■ What you need to do
Retype all of the data word for word, without pictures.

■ Exercise material
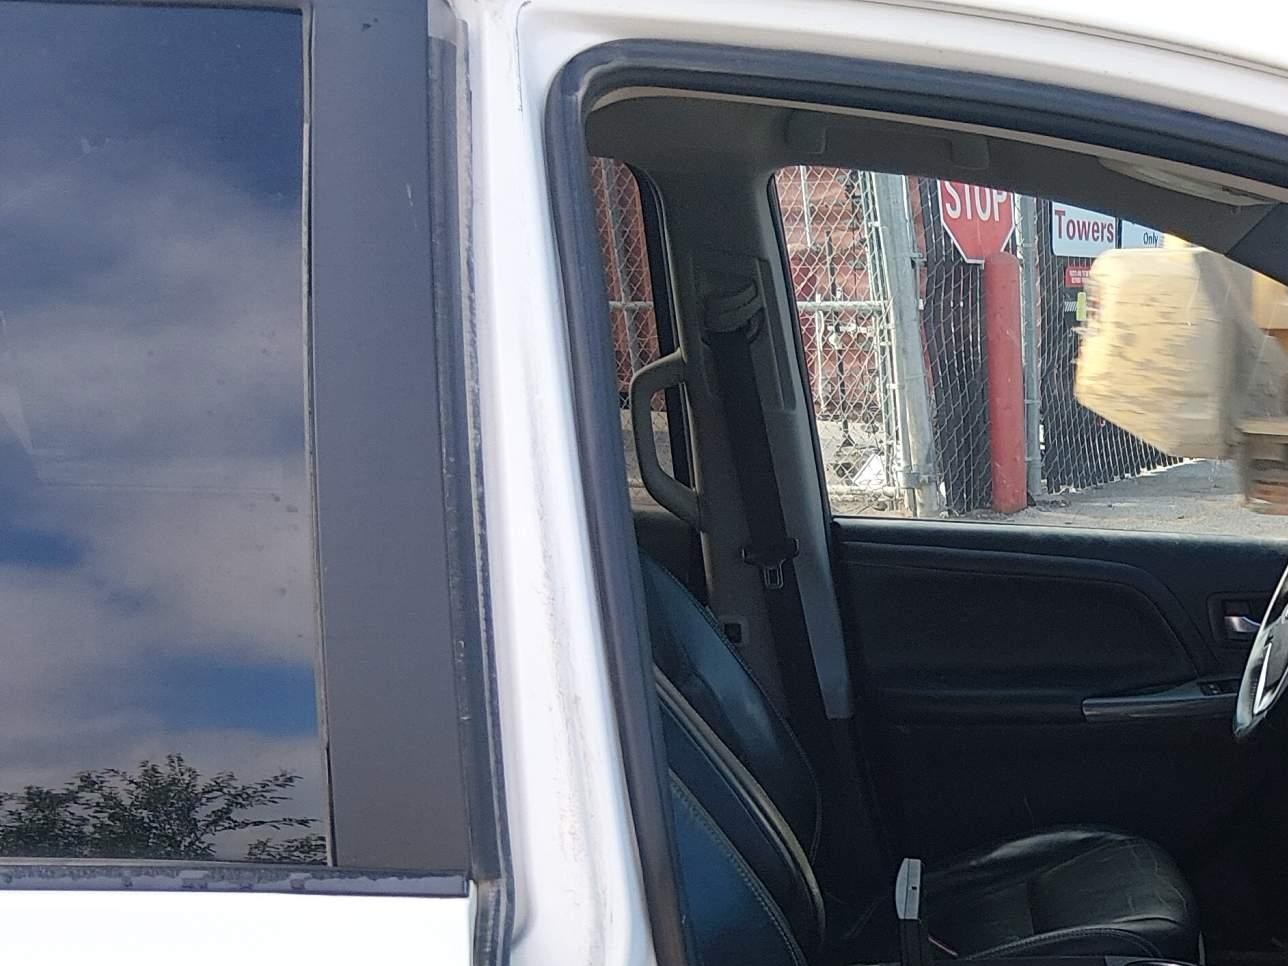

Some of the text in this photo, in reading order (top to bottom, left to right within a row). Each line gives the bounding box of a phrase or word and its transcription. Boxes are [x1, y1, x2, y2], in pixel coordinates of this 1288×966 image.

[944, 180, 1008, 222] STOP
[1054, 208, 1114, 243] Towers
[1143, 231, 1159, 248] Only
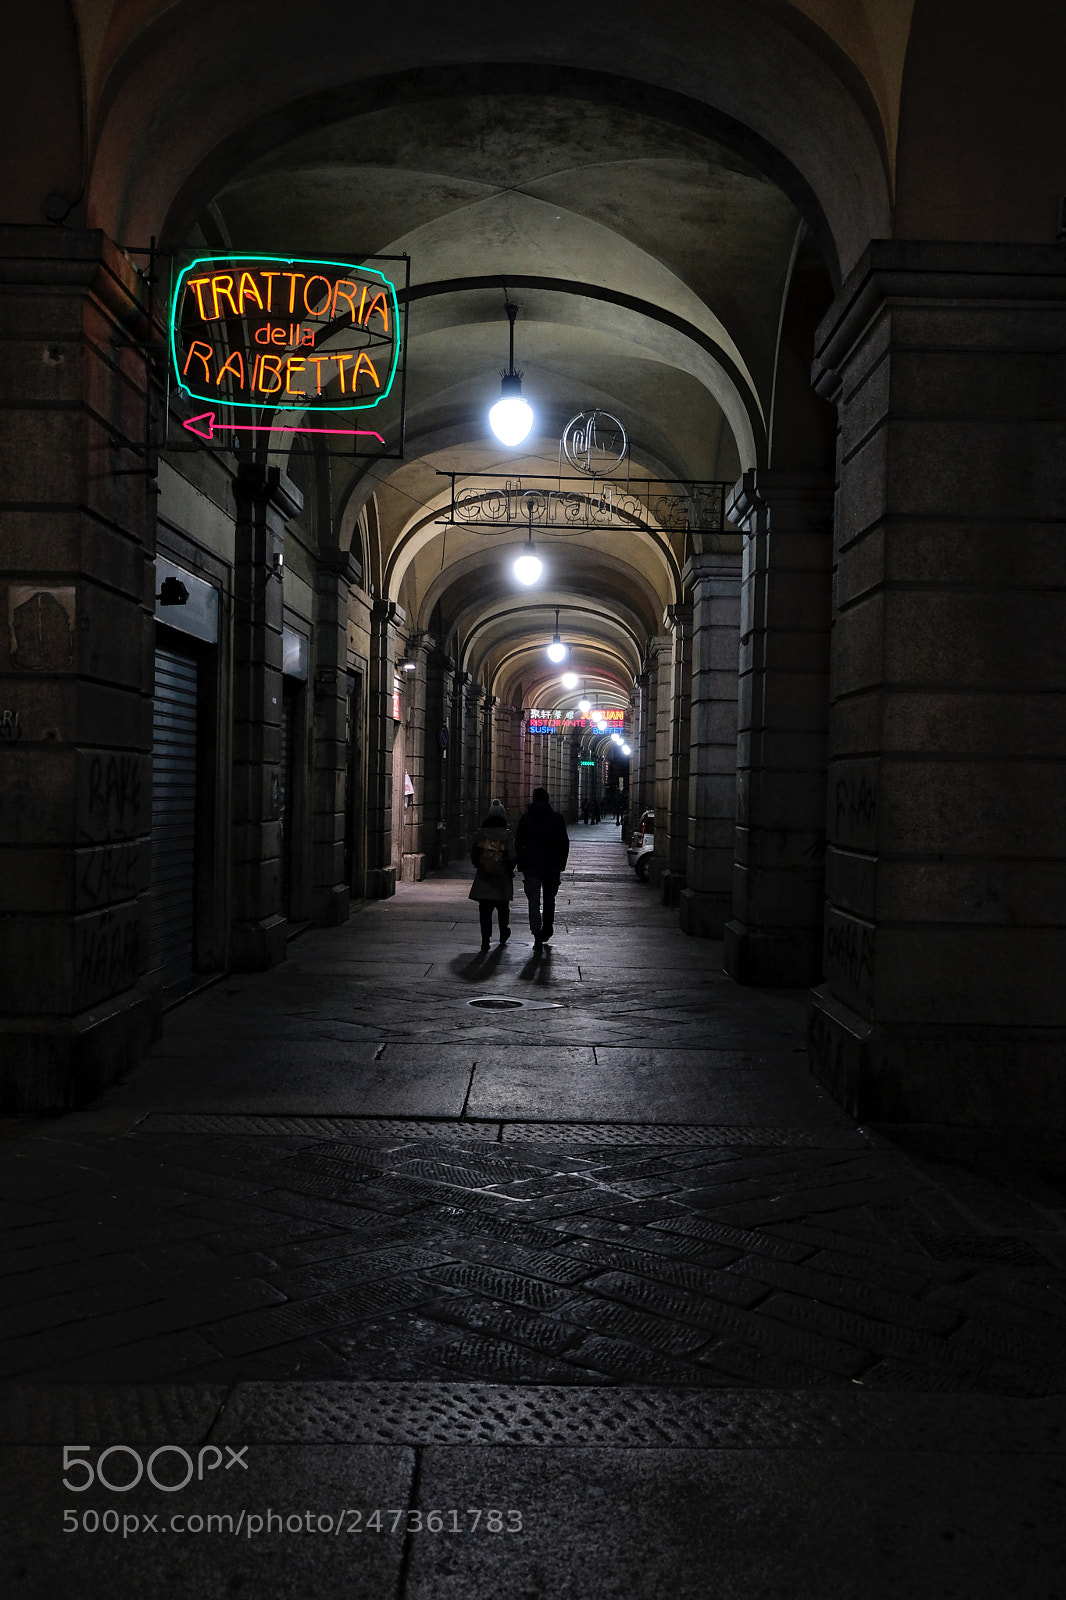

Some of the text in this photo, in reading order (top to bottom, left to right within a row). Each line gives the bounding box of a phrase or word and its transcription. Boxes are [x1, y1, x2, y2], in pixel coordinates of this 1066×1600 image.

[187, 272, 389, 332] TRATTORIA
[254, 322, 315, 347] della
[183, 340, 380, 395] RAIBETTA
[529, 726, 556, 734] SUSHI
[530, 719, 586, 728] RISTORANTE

■ Result for this exercise
Some of the text in this photo, in reading order (top to bottom, left to right within a row). Each line gives the bounding box of a phrase or word and its transcription. Boxes are [x1, y1, x2, y2], in pixel coordinates of this 1288×966 image.

[944, 180, 1008, 222] STOP
[1054, 208, 1114, 243] Towers
[1143, 231, 1159, 248] Only

Some of the text in this photo, in reading order (top to bottom, left to right within a row). Each line gives the bounding box of a phrase or word and its transcription. Boxes are [x1, y1, x2, y2], in pixel coordinates of this 1066×1600 image.

[187, 272, 389, 332] TRATTORIA
[254, 322, 315, 347] della
[183, 340, 380, 395] RAIBETTA
[529, 726, 556, 734] SUSHI
[530, 719, 586, 728] RISTORANTE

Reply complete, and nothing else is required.